It was an ordinary save, but one Connor Ingram might remember forever.
The Edmonton Oilers were hosting the Vegas Golden Knights on Dec. 21 at Rogers Place, and Ingram was playing in his first NHL game in nearly 10 months. At times, Ingram, 28, had wondered if he’d ever enter a crease at this level again, especially after his second stint in the NHL/NHLPA player assistance program. He spent several months in the spring undergoing therapy after the loss of his mother, Joni, in December 2024. Then he was put on waivers by the Utah Mammoth in September and dealt to Edmonton in December, his career still flux.
But here Ingram was, back in net, under siege on a Vegas power play.
A pass came across to Knights forward Pavel Dorofeyev, and Ingram caught his left post, bumped back out a little bit and made a shoulder save.
On the next whistle, Ingram sat back in his net, put his head down and took a deep breath.
“Holy s—, Connor,” he remembers thinking. “You can still do this. Let’s go. Let’s go.
“This is still the same that it’s always been. Let’s go play hockey.”
Ingram certainly didn’t expect his next shot to be with the two-time-defending Western Conference champions, Connor McDavid and company. But he’s been enjoying the ride — and doing his part, with a 6-3-1 record, .905 save percentage and 2.46 goals-against average heading into Saturday’s game against the Minnesota Wild, allowing three or fewer goals in 10 of his 11 starts while splitting the net with Tristan Jarry. Ingram is living out of a downtown hotel.
His wife, Sarah, is bouncing between their place in Bakersfield, Calif. (where Edmonton’s AHL team is), juggling their two dogs.
Sarah and Connor Ingram with one of their dogs. (Photo courtesy of Connor Ingram)
Nothing was ever promised, so everything is appreciated.
“It’s been pretty wild,” he says. “For a long time there, I think people around me believed in me more than I did. Now it’s trying to get back to that — that belief that you can still do this, and this is why you do it, and this is how you do it. So let’s get the job done.”
Ingram has a photo on his phone from a game in Chicago on Feb. 25, his last one with the Mammoth.
“Knowing that might be it,” Ingram says.
The goaltender entered the NHL/NHLPA player assistance program not long after, hoping it would help him cope with the death of his mother the previous fall. He had been white-knuckling it for too long.

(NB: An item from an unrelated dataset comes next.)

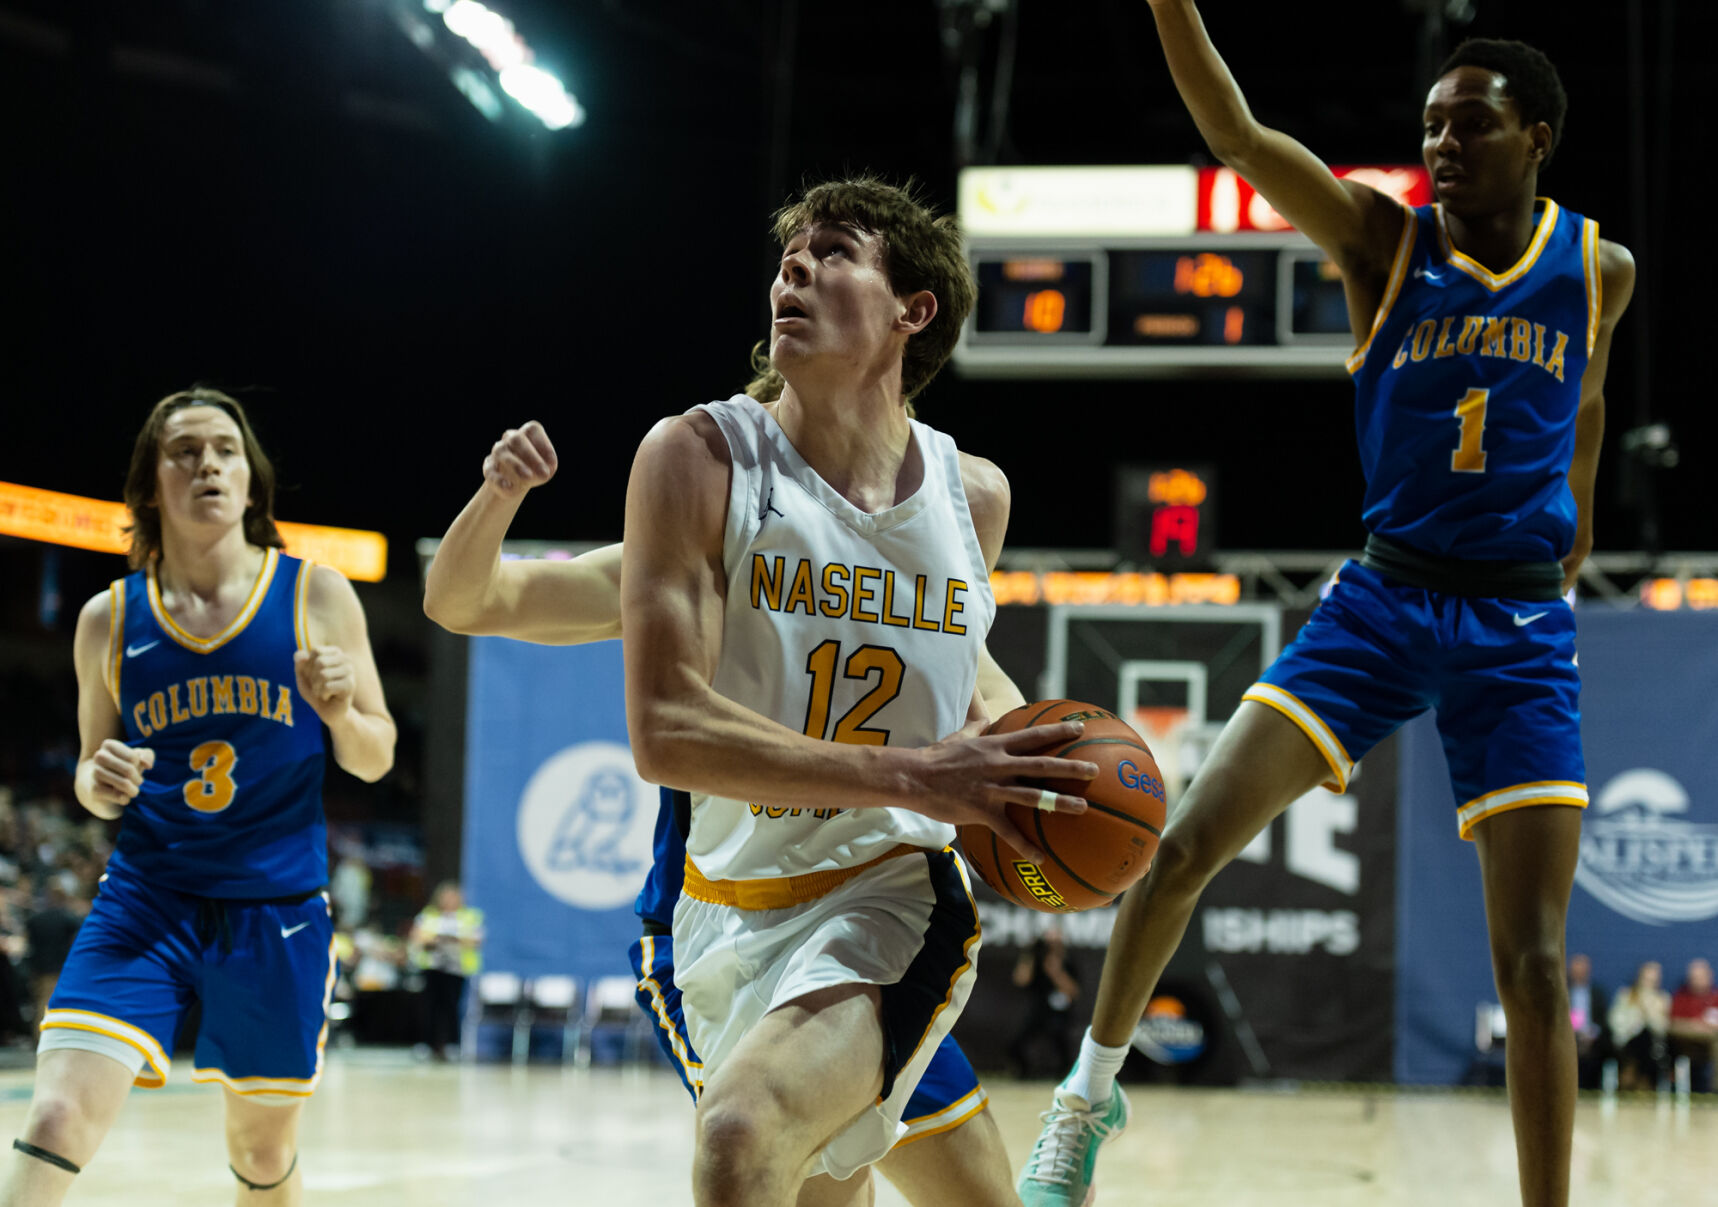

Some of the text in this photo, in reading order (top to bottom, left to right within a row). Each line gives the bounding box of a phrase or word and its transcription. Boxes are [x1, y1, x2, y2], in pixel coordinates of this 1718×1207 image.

Ingram didn’t play that night in Chicago. He had given up four goals in a loss in Los Angeles two games earlier. But the image shows him walking off the ice at the United Center, handing his stick to a fan holding an Arizona Coyotes flag.

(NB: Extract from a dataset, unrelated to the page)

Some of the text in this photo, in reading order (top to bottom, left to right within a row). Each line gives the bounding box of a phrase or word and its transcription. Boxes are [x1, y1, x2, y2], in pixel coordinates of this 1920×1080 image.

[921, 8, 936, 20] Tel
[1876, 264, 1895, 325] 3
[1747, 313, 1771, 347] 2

He remembers that she started to cry once she got it.
His emotions were spilling over, too.
Connor Ingram hands a stick to a fan at the United Center. (Photo courtesy of Connor Ingram)
Ingram’s mother, Joni, was diagnosed with breast cancer in April 2024. Ingram went to Utah and played the first half of the 2024-25 season knowing she was dying. Eventually, her health deteriorated to the point that Ingram left the team to see her back home in Saskatoon, Saskatchewan.
“It was really hard,” he says. “The rest of my family got to be there for her the last four or five months and got to see her whenever they wanted. And unfortunately for me, I had a job where that wasn’t an option.”
Joni was the mother of four boys. Ingram is the youngest. They were always on the go, spending time together in the van on the way to hockey.
“She was there after all the good or bad days,” he says.
Sarah Ingram will never forget the first time she met Joni. Ingram was playing for the Nashville Predators’ AHL affiliate, Milwaukee, during the 2021-22 season, and they were in Manitoba. Sarah, who lived in Kelowna, British Columbia, at the time, flew to town for the weekend to watch him play. She sat between his parents, Joni and Brent.
“She was the most nervous watcher I have ever seen,” Sarah says. “I felt so bad because she was so badly trying to get to know me and was just the kindest soul, but anytime the puck crossed the blue line into their zone, she had to look away. She couldn’t watch. They’d get a shot and she’d just jump. His dad actually told me after the fact that she never sat in the seats to watch Connor’s games, ever. She would pace the concourse or would sit in the bathroom. So it meant a lot to me she was putting herself through that to sit there through the nerves, watch him play and get to know me. But honestly, it perfectly sums up the person she was. She wanted everyone to feel loved and appreciated.”
Joni was able to attend the couple’s wedding in August of 2024, four months after her diagnosis. They discussed moving the wedding to Canada to make it easier for her, but Joni was good to travel to Nashville for the milestone moment.
“She was determined,” Sarah says. “She wasn’t going to let treatments stand in her way of making it.”
Connor and Sarah Ingram at their wedding with his parents, Joni and Brent. (Photo courtesy of Connor Ingram)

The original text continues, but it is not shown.